Pillar of Uniqueness
The Pillar of Effectiveness is about being able to compete with others and get laughs. The second pillar, the Pillar of Uniqueness, is about breaking out of the competitive mindset and drawing humor from your unique personality.
If you ask someone what they wanted in a new cell phone in 2010, they’d give you very predictable answers: lighter, wider, a better screen, a better battery, etc. What they would never have said is that they wanted a fingerprint sensor or an eye scanner (or anything unique). But once they saw those things, their desires changed. They gave up what they thought they wanted for what they now see they can have.
This is how the then-unknown Woody Allen was able to succeed against one of the most successful comedians of all time, Bob Hope. Once audiences saw personality being injected into a performance, they realized they could have something new… something unique. It no longer mattered how good Bob Hope’s jokes were because Woody Allen was so different. One comedian’s success didn’t effect the other. But Woody Allen took only a small step forward.
Allen and Cosby had only dipped their toe in the pool. In the 1970’s, comedians like Richard Pryor, George Carlin, Steve Martin, and Andy Kaufman would do a full-on cannonball. For the first time in comedy history, personality and uniqueness played the dominant role in a comedian’s success, not effectiveness. Comedy became edgy and full of personality. Effectiveness was an afterthought. Comedians were so wildly successful during this time that the 70’s is known as The Golden Age of Comedy.
When you play your own game, it no longer matters how funny another comedian is, because you’re playing different games. Think about it: it’s almost impossible to compare Jerry Seinfeld and Dave Chapelle in any meaningful way. The two are playing by wildly different rules. The success of one doesn’t affect the other. This doesn’t just work for A-list comedians like Seinfeld and Chapelle. It works for open mic, semi-pro, and professional comedians as well. Audiences have always, and will always, value uniqueness.
This is the complete opposite mindset of most open-mic comedians. They’re constantly worried because there are only so many spots on great shows. When you fail to differentiate yourself as a comedian, it results in more competition. If you’re not unique in “how” you deliver your material (personality) than you’d better have amazing content. If you’re competing on “what” you say, the odds aren’t in your favor. This is why so few joke writers are able to rise to the top of the industry (and even they tend to have a lot of personality mixed into the jokes). Joke writer’s are at a huge disadvantage when it comes to uniqueness and ability to connect with the audience. They’re like a desperate man… hoping a canned pick-up line is going to woo the girl at the bar.

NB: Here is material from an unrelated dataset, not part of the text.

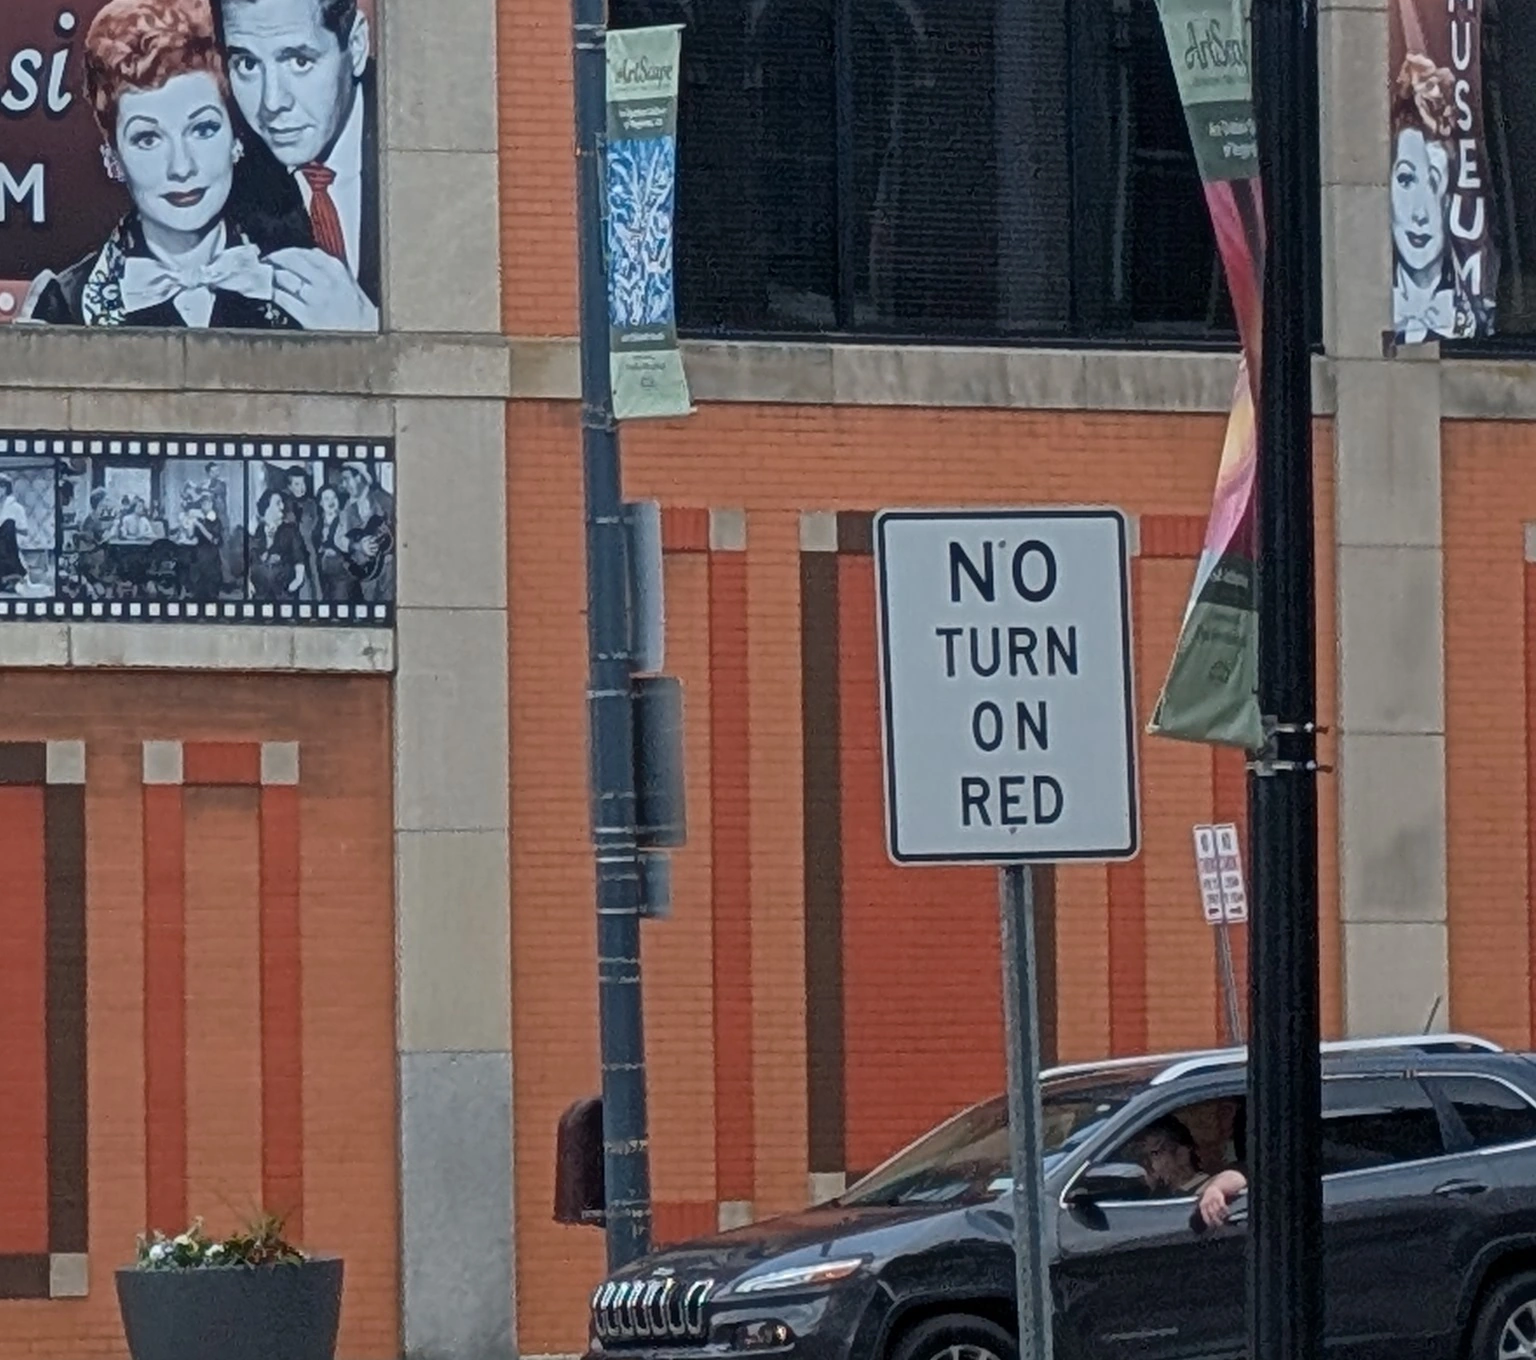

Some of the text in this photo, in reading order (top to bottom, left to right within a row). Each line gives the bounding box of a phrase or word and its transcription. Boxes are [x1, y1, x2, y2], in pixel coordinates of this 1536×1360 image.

So what’s the main source of uniqueness? It shouldn’t surprise you. Successful comedians tap into their full personality to become unique. And when you’re not hiding behind overly structured setups and punchlines, tapping into your personality is really quite easy. The only reason stage persona and authenticity are confusing topics for new comedians is because they’re being taught to use jokes that strip away personality. Personality was never a confusing subject for you when using your natural sense of humor. If stage persona confuses you, you’re doing it all wrong.
Comedians don’t need more personality. They just need to stop covering up the personality they already have. It’s something you lose, not something you gain. Comedians that ooze personality aren’t any crazier or different than you or me. They simply allow their complete, quirky selves to come through.
We’re all incredibly unique. The question is only whether we show that uniqueness or if we show the “socialized” side of our personality – the one that’s safe. You almost certainly have a person or group of people that you already act crazy/silly around. Being a great comedian is about sharing that person, the real you. The “you” that you allow yourself to be when you’re around your closest friends. If you learn how to consistently tap that person than you won’t need me or anyone else to guide you.
The most unique comedian who has ever lived was Andy Kaufman… The King of Practical Jokes. He loved practical jokes so much that decades after his death, people still aren’t entirely sure that he actually died. When he was diagnosed with cancer, the tabloids refused to cover the story because Kaufman had fooled them so many times in the past. Kaufman was the first and last of his kind. You can get a good feel from Kaufman’s uniqueness by watching the movie Man On The Moon staring Jim Carrey.
In one bit, Kaufman eats a bowl of ice-cream on stage and keeps the audience laughing throughout without saying a word. The genius of this bit begins when he turns on a small radio on the table. The microphone picks up the sounds in the room and then plays it through the speaker a few seconds later. The laughter starts very small, but then grows rapidly as the audience realizes what’s happening. Each time the speaker plays the audience’s laugh back to them it causes the audience to laugh again. The audience was literally laughing at itself while Kaufman ate ice cream.
When you inject uniqueness and personality into your performances, you’re no longer competing with what jokes you have, but how you’re telling them. And that means you no longer need to worry (or even care) what other comedians are doing. That’s true from the top to the bottom of the industry.